My mother is married to a Lutheran minister, so naturally she wants me to find a Lutheran church. I don’t think they’re quite as gay-friendly as the Episcopalians, and, in any case, they’ve got prayer books, too, so I might just as well learn the ways of the Episcopalians as the Lutherans. At least the church I’m attending is gay-friendly without being a gay church.

I’m still baffled as to when to stand up, sit down, and find my place in either the prayer book or the hymnal, but I’ll learn. I’m starting a new blog devoted strictly to church questions, debates, and what-not, so I’ll leave that for now and give you the link once I have a post on it.

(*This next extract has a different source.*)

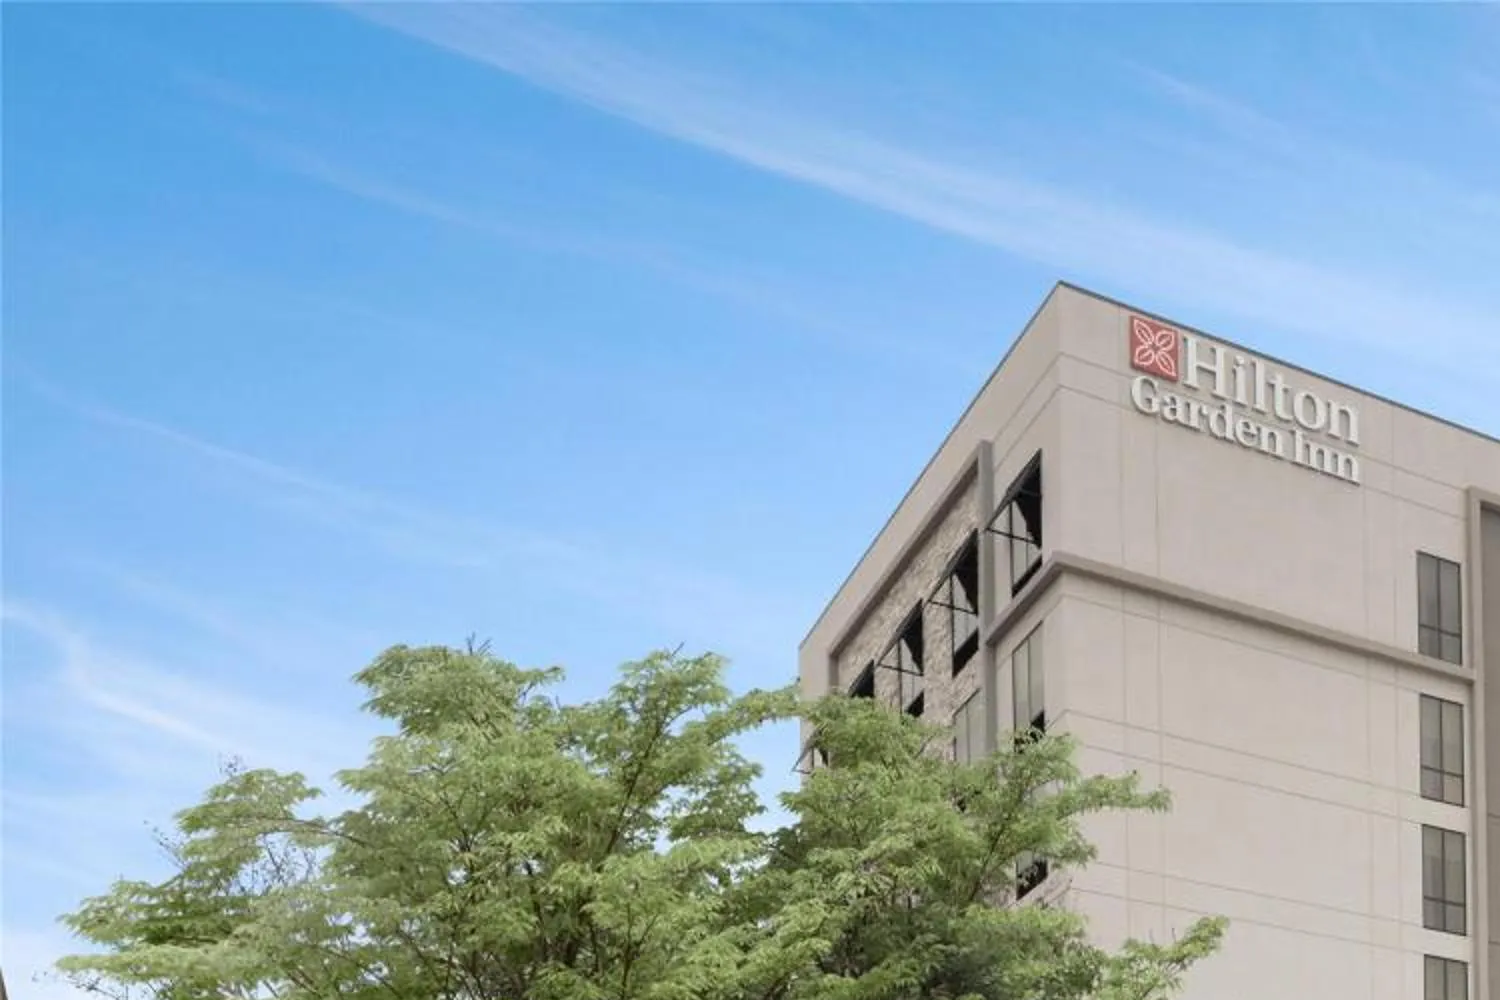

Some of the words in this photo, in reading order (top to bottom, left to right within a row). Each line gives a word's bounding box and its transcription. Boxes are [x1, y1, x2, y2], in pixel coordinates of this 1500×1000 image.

[1130, 375, 1285, 459] Garden
[1291, 428, 1361, 485] Inn
[1183, 334, 1360, 447] Hilton
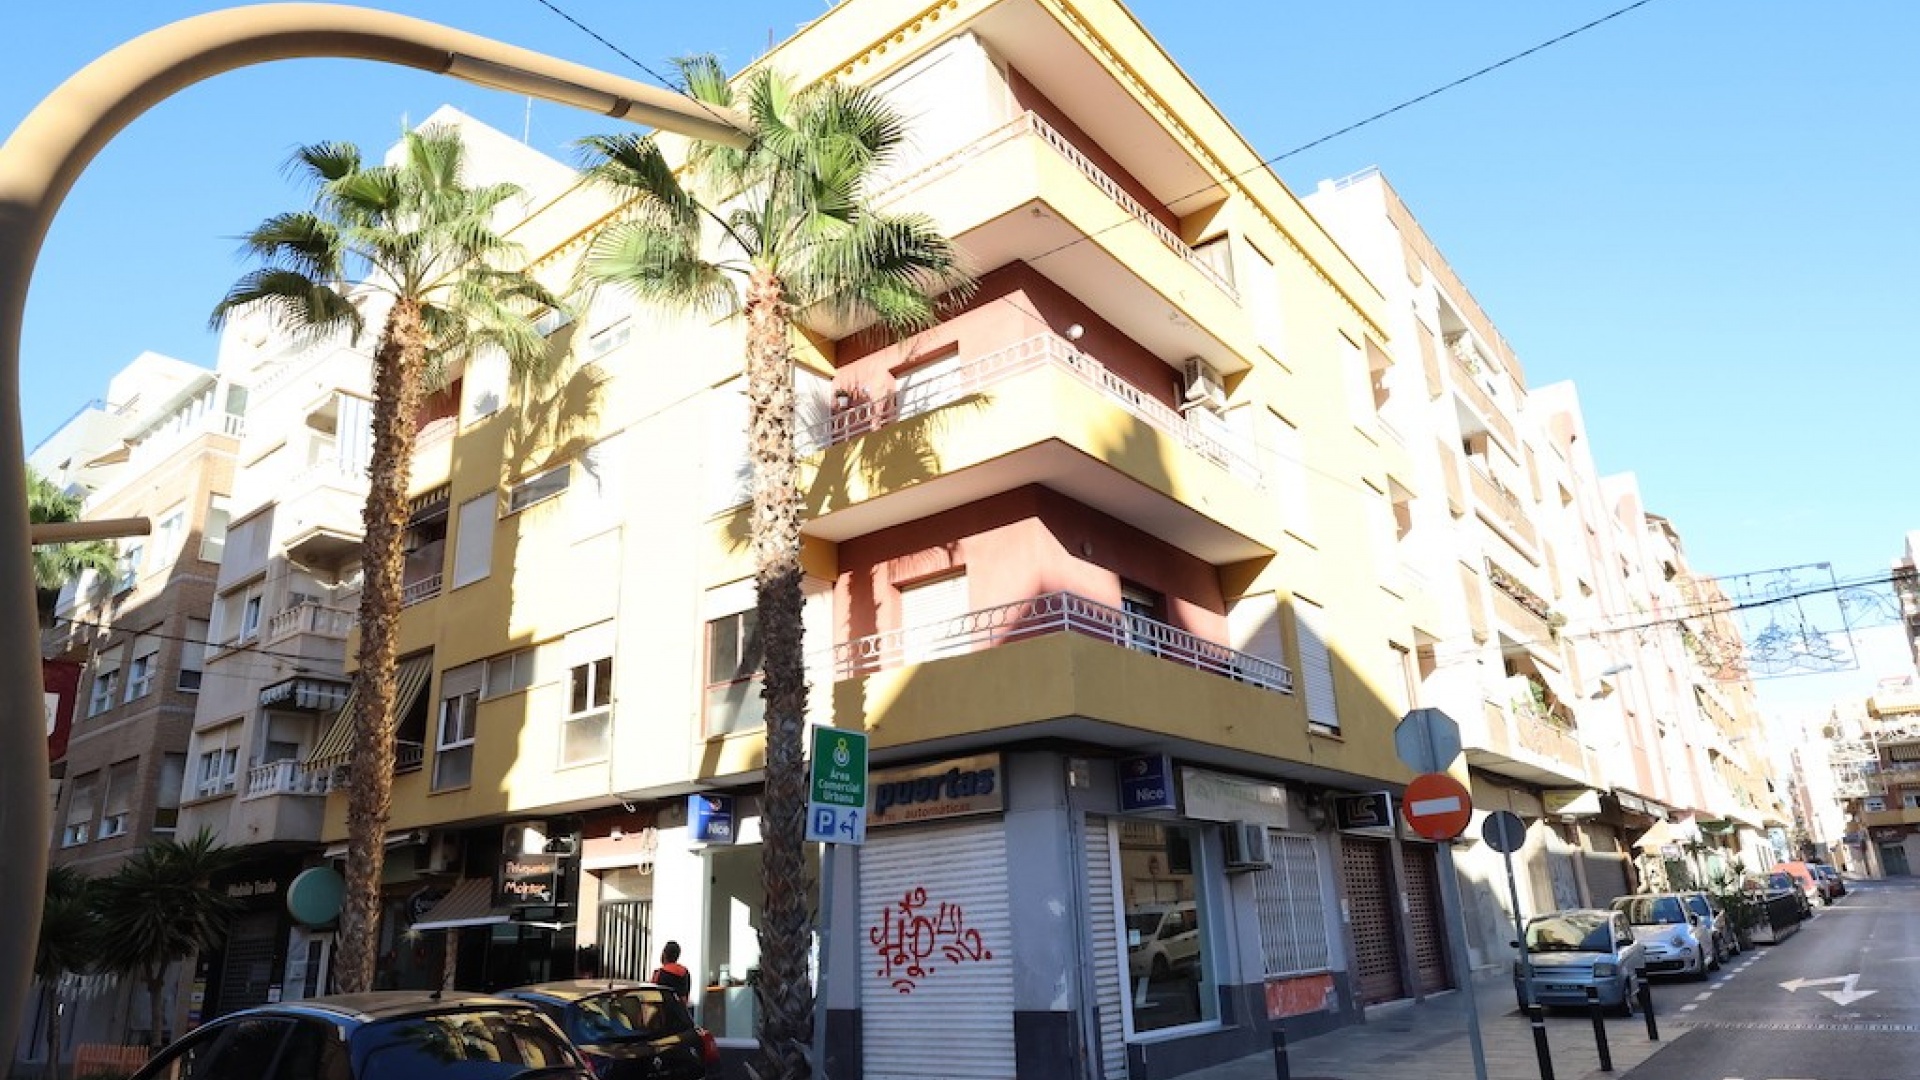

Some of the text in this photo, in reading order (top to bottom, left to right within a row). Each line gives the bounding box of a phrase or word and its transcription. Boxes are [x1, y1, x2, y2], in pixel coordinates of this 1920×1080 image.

The great news is that Kaye is finished teaching! All she has to do is give two exams, grade them, and post the grades. She should be done for real by Thursday, at the latest, although she doesn’t officially retire until September 1st as there is some rule somewhere that you can only retire on the 1st of a month. (I assume months where the 1st falls on a weekend let you retire on the 2nd or 3rd.) We’re both looking forward to her well-earned freedom after teaching for some forty years. She’s been at NCSU since 1970.

Hope everyone (and everybody’s cat) is well. See you in the funny papers.

Monday, April 7, 2008

Recognition and Thanks

Kaye and I have been together for twenty-three years today. It’s never something that’s noted by anyone, though at least my mother has known the date for a good many years now. I feel pretty sure that she’s sent my brother and his wife anniversary cards since September, 1996. It’s not that I want any fuss. In practical terms, I’m somewhat relieved that it goes unnoticed. I’m somewhat reserved, and in this case, Kaye is more so. I’m happy, proud and lucky to have Kaye, and that’s the important thing by far. It’s just maddening somehow that other people don’t recognize us as a couple like any other. I guess that’s because there is no couple to match us.

If there is someone out there pulling the strings, I would like to say thank you.

Wednesday, March 19, 2008

Mysterious Itches


The itch from which I have suffered for months (or, but with interruptions, for years) has recently become unbearable and, for the last few nights, has almost completely kept me from sleeping.

Besides, nothing appears on the outside; immediately under the skin, it is like a poison that wants to come out; an injection of extract of bedbugs.  Can it get more intense?  It doesn’t seem so.  But it can enlarge, spread to the whole body . . .

I think of Job looking for a piece of glass with which to scratch himself, and of Flaubert, whose correspondence, in the last part of his life, speaks of similar itchings.  I tell myself that each of us has his sufferings, and that it would be most unwise to long to change them; but I believe that a real pain would take less of my attention and would after all be more bearable.  And, in the scale of sufferings, a real pain is something nobler, more august; the itch is a mean, unconfessable, ridiculous malady; one can pity someone who is suffering; someone who wants to scratch himself makes one laugh.      André Gide, March 19, 1931

This is weird.  Yesterday I wrote about Flaubert, and today I find out that he and Gide (to say nothing of Job) had the same inexplicable itching – literally, I take it – that I’ve been having lately.  I told Kaye we must have bedbugs or something, but she’s not itching.  Well, it’s not that bad.  And I’m happy to find myself in such company, I think.  I notice that Flaubert had epilepsy, if Wikipedia is trustworthy.  It may as well be, as it’s what people get their information from these days.  Gide seems to have been a married homosexual.  Job may not have existed.  I’m beginning to see what my problem is . . . I guess I'll take an antihistamine.

Is it too prurient that I looked up these guys to see what I'm going to die of?